▶ [Your objective] An unchanged copy of every record below, without pictures, is the goal.

▶ [Records]

__________

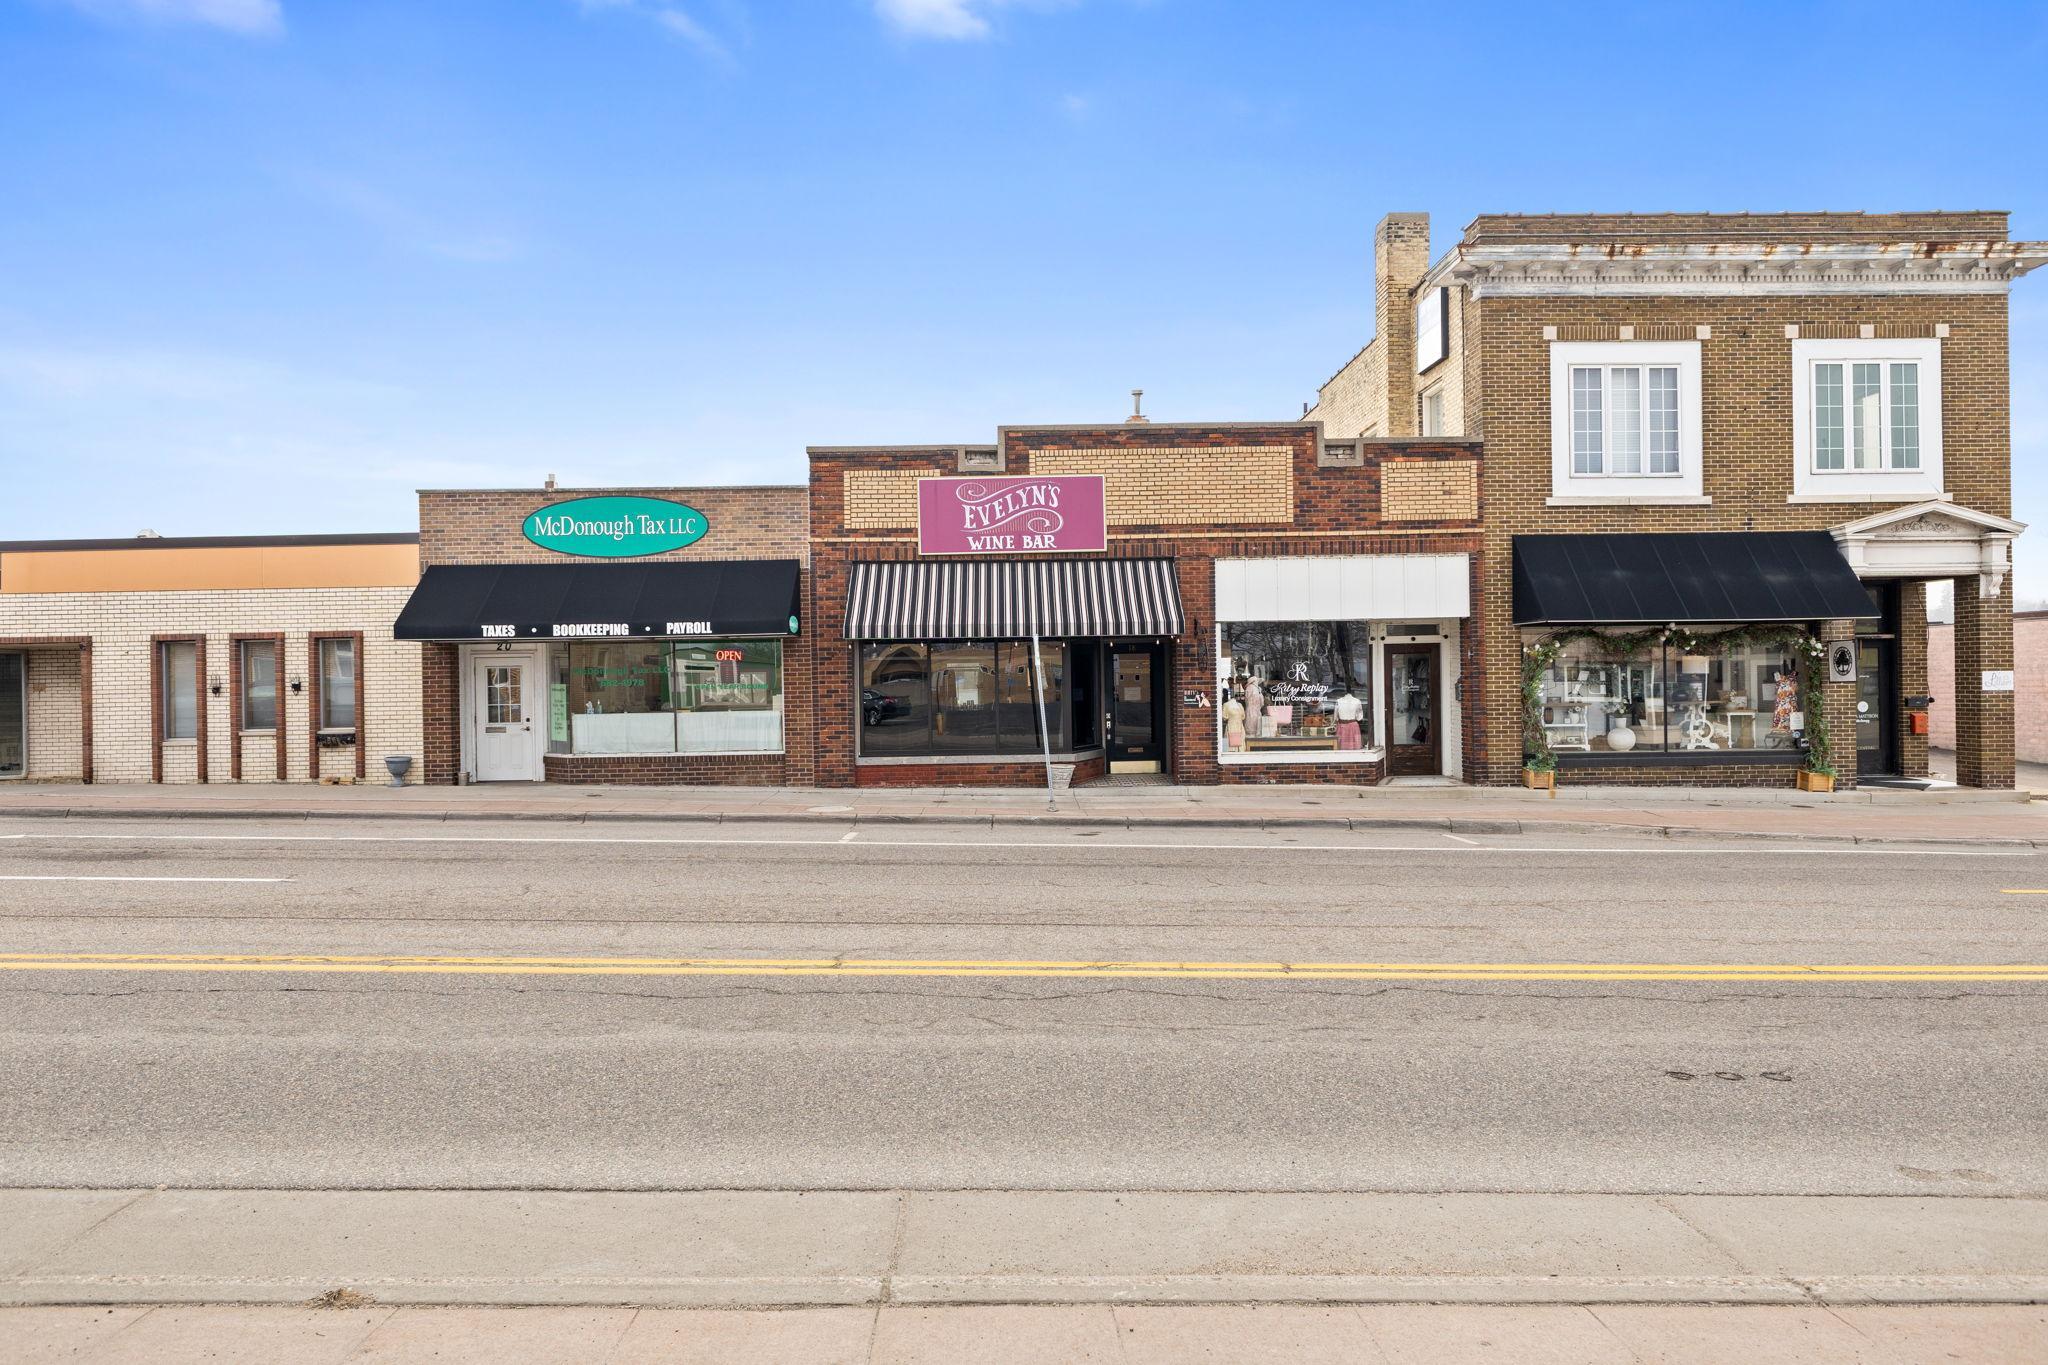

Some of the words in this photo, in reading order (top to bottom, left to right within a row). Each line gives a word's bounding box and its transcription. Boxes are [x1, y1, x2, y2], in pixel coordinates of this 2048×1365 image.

[962, 484, 1061, 529] EVELYN'S
[534, 515, 634, 541] McDonough
[636, 515, 666, 535] Tax
[669, 518, 696, 535] LLC
[967, 535, 1015, 550] WINE
[1022, 534, 1057, 549] BAR
[481, 625, 515, 637] TAXES
[552, 623, 629, 636] BOOKKEEPING
[666, 622, 712, 634] PAYROLL
[496, 642, 512, 651] 20
[715, 650, 742, 661] OPEN
[1300, 683, 1329, 695] Replay
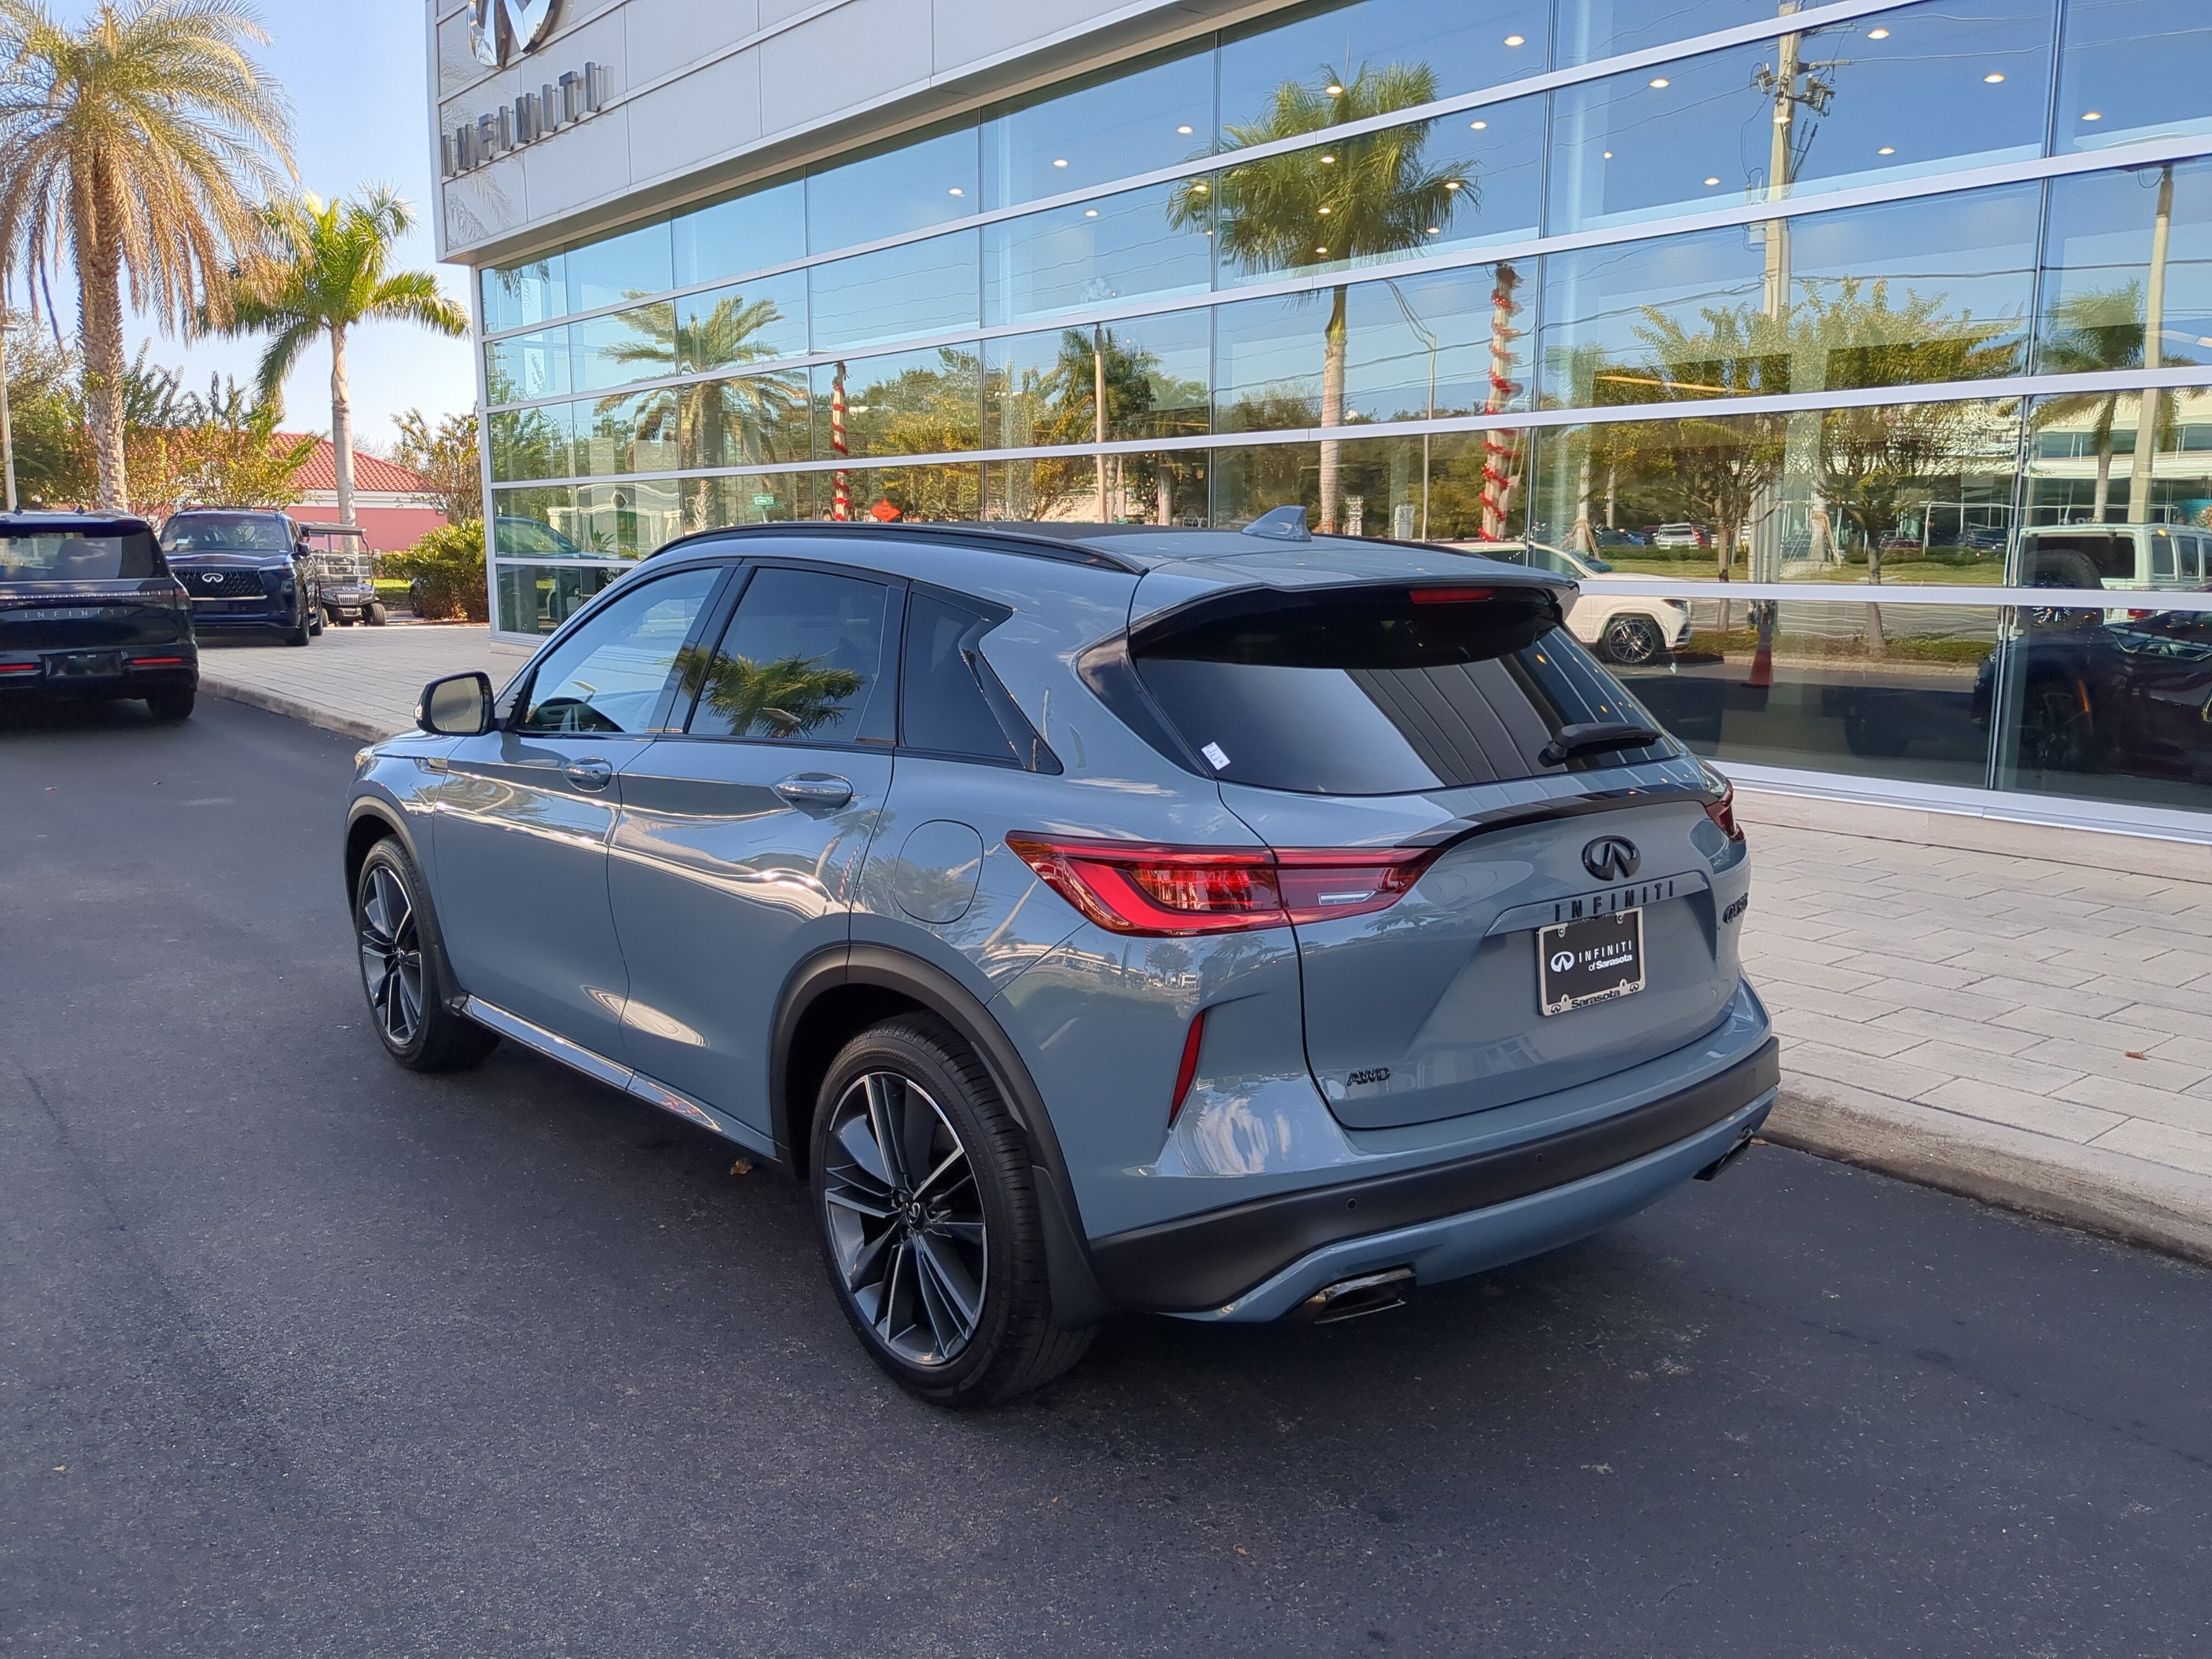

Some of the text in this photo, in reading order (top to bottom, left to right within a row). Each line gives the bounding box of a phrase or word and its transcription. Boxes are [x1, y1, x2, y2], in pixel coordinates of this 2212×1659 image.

[442, 61, 599, 177] INFINITI
[24, 608, 128, 619] INFINITI
[1555, 881, 1673, 922] INFINITI
[1578, 940, 1632, 963] INFINITI
[1588, 953, 1633, 972] of Sarasota
[1571, 990, 1621, 1008] Sarasota
[1347, 1068, 1391, 1086] AWD
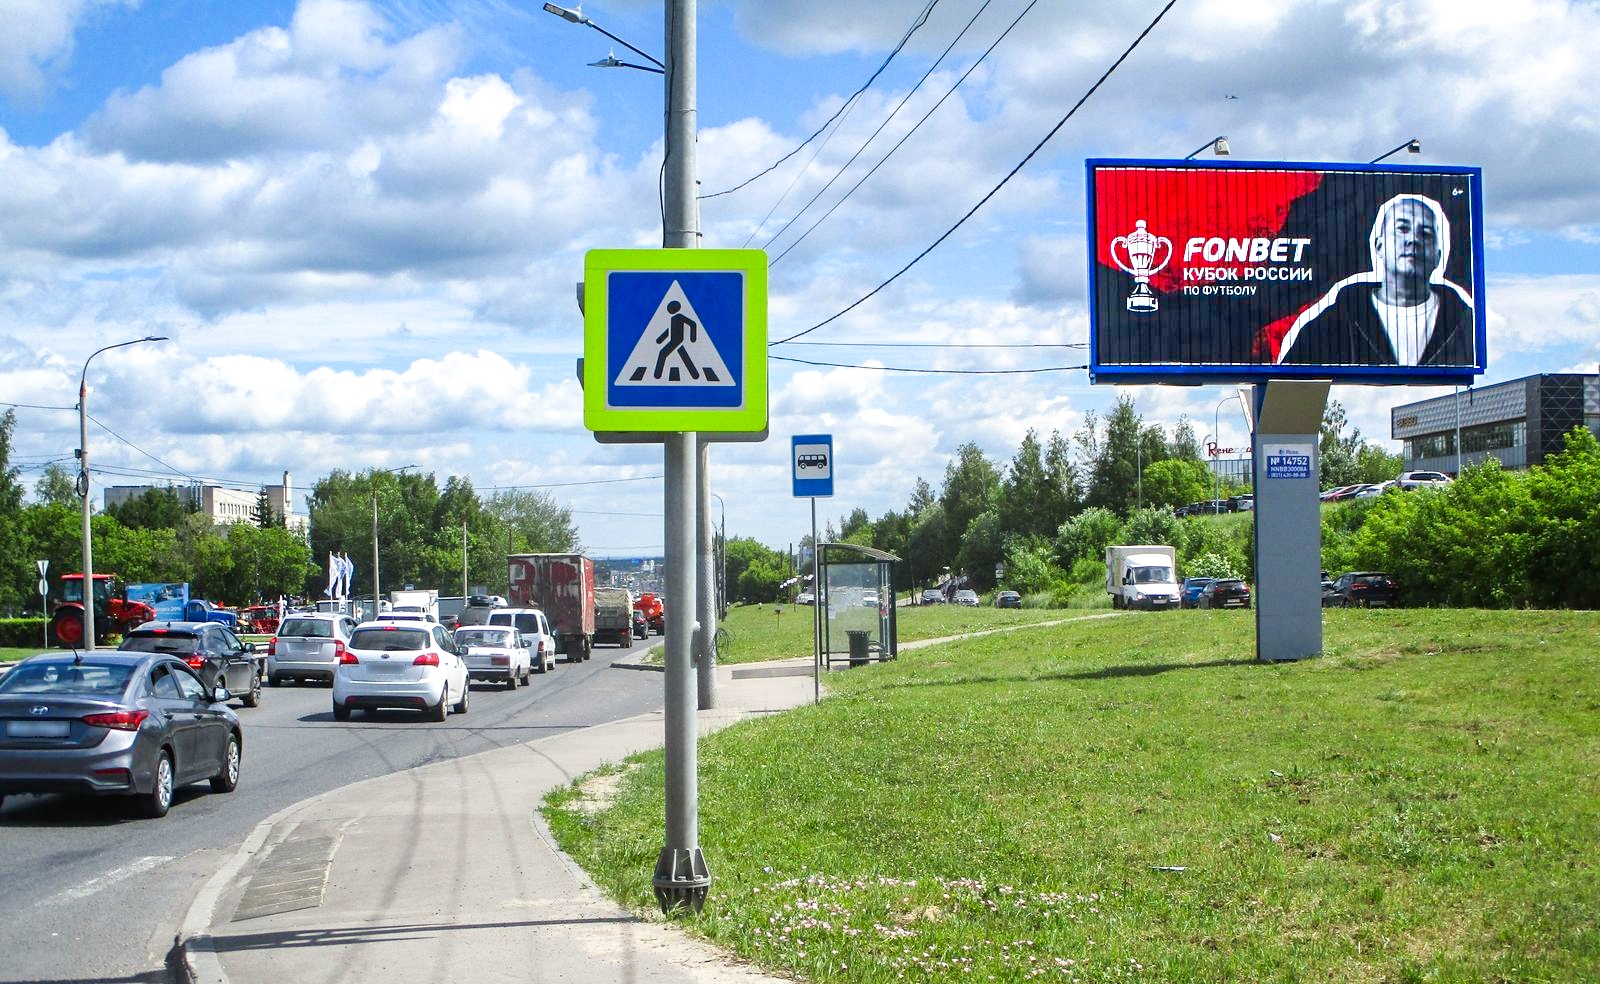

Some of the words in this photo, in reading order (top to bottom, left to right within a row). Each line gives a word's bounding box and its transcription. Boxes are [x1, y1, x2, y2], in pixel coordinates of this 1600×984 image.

[1452, 187, 1464, 196] 6+
[1183, 237, 1311, 263] FONBET
[1183, 267, 1239, 281] КУБОК
[1244, 267, 1313, 281] РОССИИ
[1183, 285, 1200, 296] ПО
[1202, 285, 1257, 296] ФУТБОЛУ
[1270, 457, 1280, 465] №
[1282, 457, 1308, 465] 14752

__________

▶ [Task response]
Some of the words in this photo, in reading order (top to bottom, left to right within a row). Each line gives a word's bounding box and its transcription. Boxes are [x1, y1, x2, y2], in pixel coordinates of this 2048×1365 image.

[962, 484, 1061, 529] EVELYN'S
[534, 515, 634, 541] McDonough
[636, 515, 666, 535] Tax
[669, 518, 696, 535] LLC
[967, 535, 1015, 550] WINE
[1022, 534, 1057, 549] BAR
[481, 625, 515, 637] TAXES
[552, 623, 629, 636] BOOKKEEPING
[666, 622, 712, 634] PAYROLL
[496, 642, 512, 651] 20
[715, 650, 742, 661] OPEN
[1300, 683, 1329, 695] Replay

Some of the text in this photo, in reading order (top to bottom, left to right within a row). Each line gives the bounding box of a phrase or word and its transcription. Boxes are [x1, y1, x2, y2], in pixel coordinates of this 2212×1659 image.

[442, 61, 599, 177] INFINITI
[24, 608, 128, 619] INFINITI
[1555, 881, 1673, 922] INFINITI
[1578, 940, 1632, 963] INFINITI
[1588, 953, 1633, 972] of Sarasota
[1571, 990, 1621, 1008] Sarasota
[1347, 1068, 1391, 1086] AWD

Some of the words in this photo, in reading order (top to bottom, left to right within a row). Each line gives a word's bounding box and its transcription. Boxes are [x1, y1, x2, y2], in pixel coordinates of this 1600×984 image.

[1452, 187, 1464, 196] 6+
[1183, 237, 1311, 263] FONBET
[1183, 267, 1239, 281] КУБОК
[1244, 267, 1313, 281] РОССИИ
[1183, 285, 1200, 296] ПО
[1202, 285, 1257, 296] ФУТБОЛУ
[1270, 457, 1280, 465] №
[1282, 457, 1308, 465] 14752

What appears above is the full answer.